Northwest Detention Center is a privately-run detention center located on the tide flats of the Port of Tacoma in Tacoma, Washington, USA. The detention center is operated by the GEO Group on behalf of the U.S. Immigration and Customs Enforcement. [1] The NWDC's current capacity is 1575, making it one of the largest detention centers in the United States. [2] Numerous hunger strikes have been launched by inmates of the NWDC to protest the Center's poor conditions. Detainees have repeatedly reported overcrowding, a lack of medical attention, and severely unsanitary conditions, especially during COVID-19: "they're not even offering us soap." [3]
The prison is expected to close in 2025 when GEO's contract with ICE expires, as the state has passed a law banning private detention facilities. [4]
The detention center opened in 2004 by Correctional Services Corporation (CSC) under a contract with The US Department of Homeland Security. In 2005, CSC was purchased by the GEO Group, thus acquiring the Northwest Detention Center.
In June 2008, the Seattle University School of Law's International Human Rights Clinic published an investigation on the NWDC concluding that conditions they found, "violate both international human rights law and domestic Constitutional protections." [5]
A contract with Immigration and Customs Enforcement (ICE) expanded the detention center's housing capacity in 2009, making it the largest detention center owned by GEO Group on the West Coast. [6]
In March 2014, inmates launched a hunger strike to protest conditions at NWDC. According to ICE, 750 detainees had refused meals. [7] House Representative Adam Smith (D-9) criticized the NWDC in an interview with The Stranger in May, calling for improvement of the "shocking" conditions. [8] Protesters are calling for better food, speedier trials, lower commissary prices, and increased wages for labor.
In April 2015, guards allegedly beat Alfredo Rodriguez, an undocumented Honduran immigrant in his 60s.
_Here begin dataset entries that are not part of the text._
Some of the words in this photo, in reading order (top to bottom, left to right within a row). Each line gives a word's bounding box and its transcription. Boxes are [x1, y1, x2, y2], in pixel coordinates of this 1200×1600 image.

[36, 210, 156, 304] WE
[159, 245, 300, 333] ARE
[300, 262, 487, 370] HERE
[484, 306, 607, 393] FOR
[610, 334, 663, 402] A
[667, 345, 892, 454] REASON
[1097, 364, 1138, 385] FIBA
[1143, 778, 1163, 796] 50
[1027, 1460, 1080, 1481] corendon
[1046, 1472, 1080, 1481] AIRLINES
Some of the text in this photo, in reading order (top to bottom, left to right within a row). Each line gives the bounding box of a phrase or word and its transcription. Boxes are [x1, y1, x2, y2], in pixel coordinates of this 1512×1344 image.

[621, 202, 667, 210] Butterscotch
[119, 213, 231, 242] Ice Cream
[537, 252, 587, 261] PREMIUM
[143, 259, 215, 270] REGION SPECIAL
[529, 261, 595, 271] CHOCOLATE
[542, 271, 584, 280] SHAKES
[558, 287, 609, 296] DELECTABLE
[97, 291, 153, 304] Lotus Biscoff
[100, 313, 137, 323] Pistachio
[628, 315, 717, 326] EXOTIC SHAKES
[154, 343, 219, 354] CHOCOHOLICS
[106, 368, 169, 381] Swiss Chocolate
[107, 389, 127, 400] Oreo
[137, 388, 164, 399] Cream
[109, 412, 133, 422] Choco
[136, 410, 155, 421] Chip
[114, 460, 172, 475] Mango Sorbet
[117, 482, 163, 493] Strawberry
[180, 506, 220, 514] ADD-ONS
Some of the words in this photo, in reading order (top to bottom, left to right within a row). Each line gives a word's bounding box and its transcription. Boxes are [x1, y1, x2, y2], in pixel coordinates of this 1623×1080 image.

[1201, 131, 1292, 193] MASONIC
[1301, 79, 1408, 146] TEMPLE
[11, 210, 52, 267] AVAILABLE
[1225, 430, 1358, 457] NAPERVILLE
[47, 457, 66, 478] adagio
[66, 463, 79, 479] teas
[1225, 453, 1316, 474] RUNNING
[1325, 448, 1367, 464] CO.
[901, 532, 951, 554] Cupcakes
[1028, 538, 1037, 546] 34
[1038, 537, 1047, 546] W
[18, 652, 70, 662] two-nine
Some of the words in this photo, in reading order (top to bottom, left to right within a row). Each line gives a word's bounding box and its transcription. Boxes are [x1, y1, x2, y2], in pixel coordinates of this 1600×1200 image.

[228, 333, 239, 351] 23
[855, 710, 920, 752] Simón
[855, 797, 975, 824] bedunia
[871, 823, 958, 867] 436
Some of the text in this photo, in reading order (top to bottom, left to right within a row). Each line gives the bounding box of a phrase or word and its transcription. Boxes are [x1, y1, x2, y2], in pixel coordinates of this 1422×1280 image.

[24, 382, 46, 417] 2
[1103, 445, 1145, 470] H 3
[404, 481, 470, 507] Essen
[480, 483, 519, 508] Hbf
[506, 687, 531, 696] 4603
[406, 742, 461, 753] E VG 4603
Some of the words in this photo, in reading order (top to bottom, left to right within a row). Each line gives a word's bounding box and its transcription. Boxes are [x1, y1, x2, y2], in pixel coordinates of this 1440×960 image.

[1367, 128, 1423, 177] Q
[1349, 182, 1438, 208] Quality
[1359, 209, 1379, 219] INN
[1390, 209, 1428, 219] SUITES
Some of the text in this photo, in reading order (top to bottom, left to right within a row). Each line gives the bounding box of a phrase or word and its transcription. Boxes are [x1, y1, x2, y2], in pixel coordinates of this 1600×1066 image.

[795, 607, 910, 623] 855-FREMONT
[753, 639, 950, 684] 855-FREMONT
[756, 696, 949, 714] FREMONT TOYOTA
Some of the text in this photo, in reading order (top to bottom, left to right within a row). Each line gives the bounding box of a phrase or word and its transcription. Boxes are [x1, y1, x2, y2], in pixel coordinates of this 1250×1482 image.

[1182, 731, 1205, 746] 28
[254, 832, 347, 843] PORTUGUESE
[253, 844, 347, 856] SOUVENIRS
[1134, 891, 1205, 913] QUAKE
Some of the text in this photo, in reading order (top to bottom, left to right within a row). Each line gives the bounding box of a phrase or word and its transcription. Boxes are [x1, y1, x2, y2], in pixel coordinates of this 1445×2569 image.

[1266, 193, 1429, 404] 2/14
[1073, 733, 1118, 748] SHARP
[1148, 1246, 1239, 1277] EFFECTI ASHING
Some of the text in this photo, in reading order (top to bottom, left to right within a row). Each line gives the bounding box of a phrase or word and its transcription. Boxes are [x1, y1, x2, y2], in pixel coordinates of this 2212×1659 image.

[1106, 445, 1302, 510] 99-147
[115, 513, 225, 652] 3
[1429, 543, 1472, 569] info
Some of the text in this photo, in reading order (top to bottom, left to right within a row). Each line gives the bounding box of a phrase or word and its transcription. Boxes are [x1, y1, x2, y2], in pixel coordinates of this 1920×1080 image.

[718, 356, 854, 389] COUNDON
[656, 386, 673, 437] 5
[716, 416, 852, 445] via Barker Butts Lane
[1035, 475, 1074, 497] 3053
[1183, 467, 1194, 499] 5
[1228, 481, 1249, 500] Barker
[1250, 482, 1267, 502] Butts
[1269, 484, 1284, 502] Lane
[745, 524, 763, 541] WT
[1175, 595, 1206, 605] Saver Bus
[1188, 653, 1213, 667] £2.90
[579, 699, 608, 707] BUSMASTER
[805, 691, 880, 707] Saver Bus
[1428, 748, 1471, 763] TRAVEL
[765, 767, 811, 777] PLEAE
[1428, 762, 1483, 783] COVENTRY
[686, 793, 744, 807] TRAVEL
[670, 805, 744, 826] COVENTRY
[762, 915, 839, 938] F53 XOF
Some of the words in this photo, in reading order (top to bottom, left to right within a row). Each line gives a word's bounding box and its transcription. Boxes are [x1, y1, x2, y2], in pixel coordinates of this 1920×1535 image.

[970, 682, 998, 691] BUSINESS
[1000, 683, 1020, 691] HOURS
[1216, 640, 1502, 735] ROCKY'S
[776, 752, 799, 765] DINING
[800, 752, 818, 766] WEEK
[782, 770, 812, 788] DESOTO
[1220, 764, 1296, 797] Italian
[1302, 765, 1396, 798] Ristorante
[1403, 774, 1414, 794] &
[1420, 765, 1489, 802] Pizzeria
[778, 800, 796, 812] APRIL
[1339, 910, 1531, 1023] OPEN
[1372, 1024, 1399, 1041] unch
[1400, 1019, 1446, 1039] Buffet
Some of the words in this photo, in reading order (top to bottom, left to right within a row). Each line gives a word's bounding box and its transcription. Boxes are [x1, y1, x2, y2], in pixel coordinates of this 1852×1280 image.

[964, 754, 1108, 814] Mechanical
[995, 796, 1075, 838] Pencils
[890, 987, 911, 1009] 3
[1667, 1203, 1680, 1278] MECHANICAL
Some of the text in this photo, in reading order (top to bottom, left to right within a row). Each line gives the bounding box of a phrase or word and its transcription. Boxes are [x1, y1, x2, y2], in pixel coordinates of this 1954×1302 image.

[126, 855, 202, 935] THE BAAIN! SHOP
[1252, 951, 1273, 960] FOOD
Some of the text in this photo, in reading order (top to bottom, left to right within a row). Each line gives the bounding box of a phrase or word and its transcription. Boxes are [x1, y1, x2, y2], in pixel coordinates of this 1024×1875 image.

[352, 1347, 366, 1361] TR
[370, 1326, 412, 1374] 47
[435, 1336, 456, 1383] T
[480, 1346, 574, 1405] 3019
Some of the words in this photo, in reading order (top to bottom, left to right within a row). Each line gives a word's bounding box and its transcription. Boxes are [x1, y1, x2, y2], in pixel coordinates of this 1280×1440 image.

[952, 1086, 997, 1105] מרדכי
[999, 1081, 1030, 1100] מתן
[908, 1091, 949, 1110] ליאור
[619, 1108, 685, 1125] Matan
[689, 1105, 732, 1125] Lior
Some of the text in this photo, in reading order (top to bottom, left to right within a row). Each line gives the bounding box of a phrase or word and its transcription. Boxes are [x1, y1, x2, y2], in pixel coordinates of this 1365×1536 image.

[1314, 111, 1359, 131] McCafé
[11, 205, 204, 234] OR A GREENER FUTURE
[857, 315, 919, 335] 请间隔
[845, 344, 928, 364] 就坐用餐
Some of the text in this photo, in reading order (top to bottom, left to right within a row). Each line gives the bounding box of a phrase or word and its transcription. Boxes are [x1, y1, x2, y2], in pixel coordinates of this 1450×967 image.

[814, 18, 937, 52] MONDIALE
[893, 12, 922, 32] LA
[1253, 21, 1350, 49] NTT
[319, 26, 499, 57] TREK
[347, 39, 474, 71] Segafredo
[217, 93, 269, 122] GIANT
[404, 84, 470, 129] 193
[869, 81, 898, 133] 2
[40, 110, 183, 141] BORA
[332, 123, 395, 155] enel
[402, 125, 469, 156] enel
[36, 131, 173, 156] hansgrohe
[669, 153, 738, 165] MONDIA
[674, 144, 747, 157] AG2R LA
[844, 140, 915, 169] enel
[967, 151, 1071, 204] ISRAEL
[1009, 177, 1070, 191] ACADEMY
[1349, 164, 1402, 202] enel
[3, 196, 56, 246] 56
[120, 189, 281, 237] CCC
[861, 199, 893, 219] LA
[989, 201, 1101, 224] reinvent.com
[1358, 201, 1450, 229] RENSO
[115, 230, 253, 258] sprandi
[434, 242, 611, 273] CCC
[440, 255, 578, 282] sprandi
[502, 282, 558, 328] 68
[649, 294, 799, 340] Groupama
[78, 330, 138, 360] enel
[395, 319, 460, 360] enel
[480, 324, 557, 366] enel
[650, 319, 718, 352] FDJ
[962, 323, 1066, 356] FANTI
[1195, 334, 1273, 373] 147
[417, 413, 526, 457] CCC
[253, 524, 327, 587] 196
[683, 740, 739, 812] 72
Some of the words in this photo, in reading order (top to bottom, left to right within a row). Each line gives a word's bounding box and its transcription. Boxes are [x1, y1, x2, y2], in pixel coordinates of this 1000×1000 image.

Rodriguez had reportedly criticized a guard for mistreating an inmate who was mopping. [9] Rodriguez has since been deported, and Jennifer Lesmez, who represents six detainees who witnessed the incident, says some were threatened with retaliation if they complained. [10] U.S. Immigration and Customs Enforcement spokesman Andrew Muñoz disputed the account, adding that "ICE policies forbid retaliation" toward detainees.
In October 2015, the GEO Group renewed a ten-year contract with ICE. [11] The contract pays GEO for almost 1,200 beds daily, regardless if they are used. [4]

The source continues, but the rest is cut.